Saturday, March 26, 2016

Adafruit OLED display on Arduino

I have been neglecting my Arduino interests in favor of amateur radio recently. So, I bought a book "Arduino for Ham Radio."

One simple project to get me started is a compass display.  The book call for a LCD module, which I have, but I also have an +Adafruit Industries OLED 128X64 display that I haven used yet.  So, I dug it out, soldered on the header pins, downloaded the Adafruit libraries, and uploaded an example to an +Arduino Uno clone that I had lying around.  I'm now sensitive to clones, and from now on will only by genuine Arduinos, but since I had this one I used it.

I made one small change to the program, just for grins:  changed "Hello World" to "Hello Town" and passed that message as a variable rather than a literal. No big deal, but I'm refreshing my Arduino skills.
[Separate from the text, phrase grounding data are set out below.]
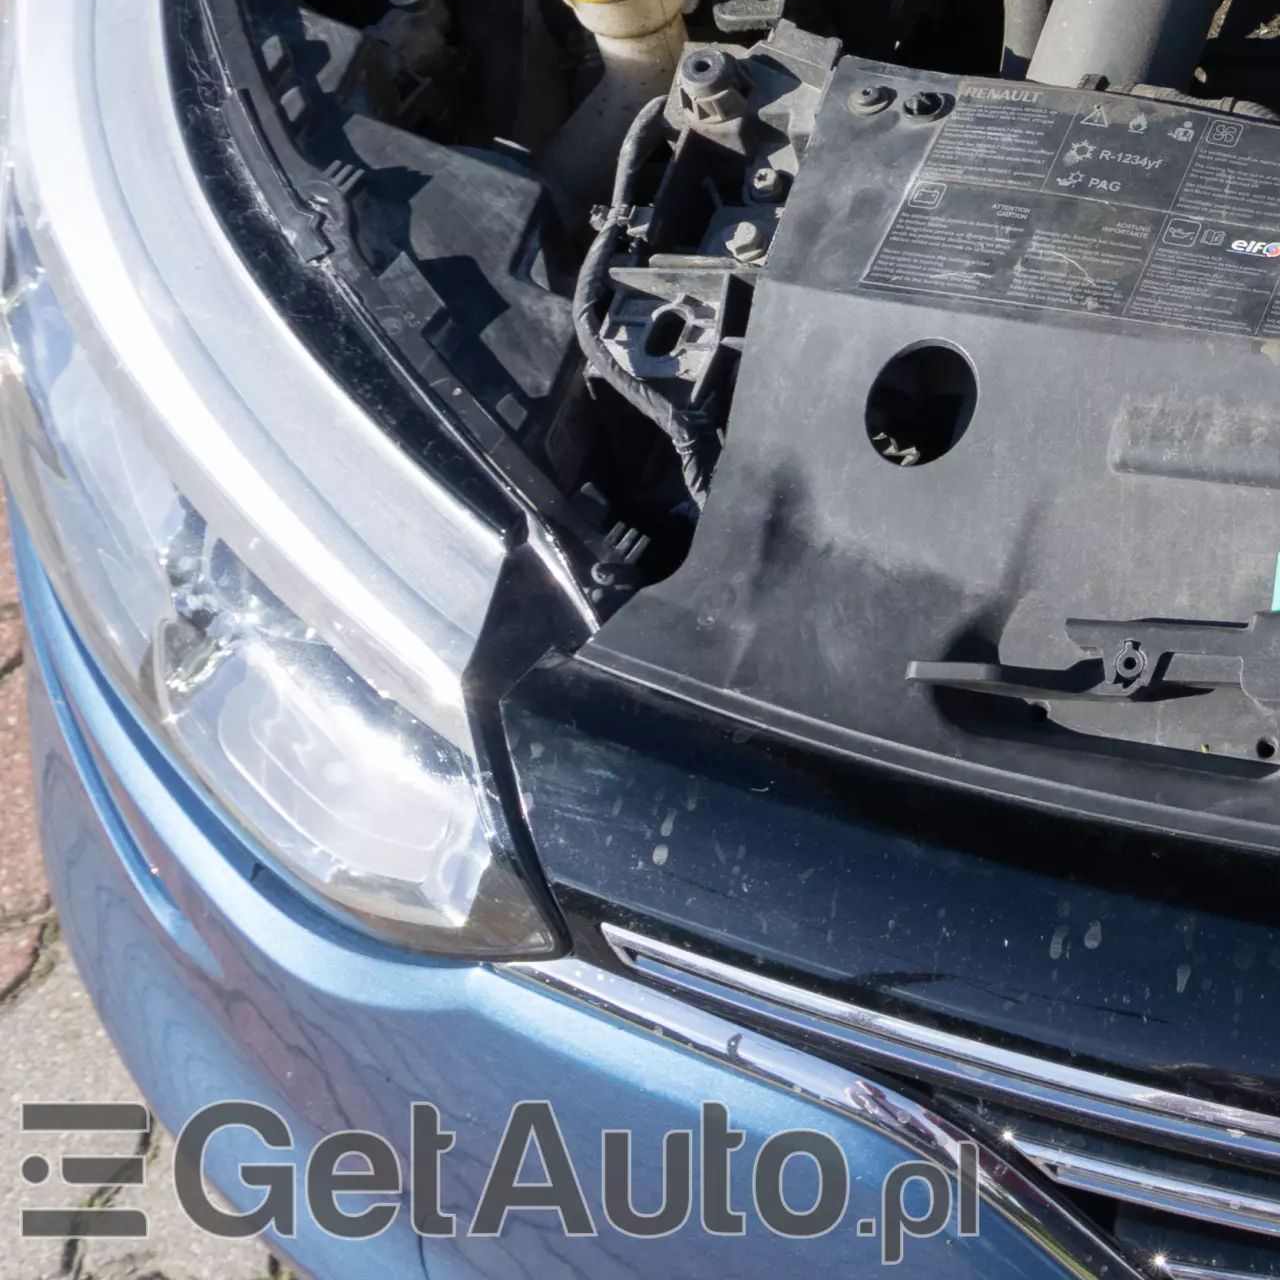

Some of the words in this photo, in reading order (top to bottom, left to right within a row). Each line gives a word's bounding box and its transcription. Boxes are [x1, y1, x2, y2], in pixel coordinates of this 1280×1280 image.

[965, 86, 1043, 103] RENAULT
[1099, 147, 1162, 170] R-1234yf
[1088, 177, 1121, 192] PAG
[989, 202, 1031, 214] ATTENTION
[994, 209, 1028, 220] CAUTION
[1100, 226, 1149, 238] IMPORTANTE
[1115, 222, 1151, 232] ACHTUNG
I have ordered the compass module--after I get it I'll finish the project and post results here.

Here's a video.

Sunday, March 13, 2016

J-Pole on the house, base station set up



The J-Pole antenna I built (see this post) is now mounted on the house to serve as my permanent antenna for 2 meters.  We sealed the coax connections with electrical tape and soldered the crosspiece with the SO-239 connector to each of the antenna elements to make a permanent electrical connection.  The RG-58 coax is connected to a lightning arrestor, and then to another piece of coax via a female-female adapter. Those connections are wrapped with electrical tape, and the coax goes through a hole in the singles and wall into the area above a drop ceiling in my basement, then down the wall and under my desk  to my new base station radio (Yaesu FT-1900R, with a 13.8V power supply). The lightning arrestor is connected to a 10ft ground rod, driven into the ground, via #12AWG wire.

It works great!

Next steps: finish studying for my general class license. pass the test, by an HF rig, put up a multiband dipole antenna, and expand my ham horizons.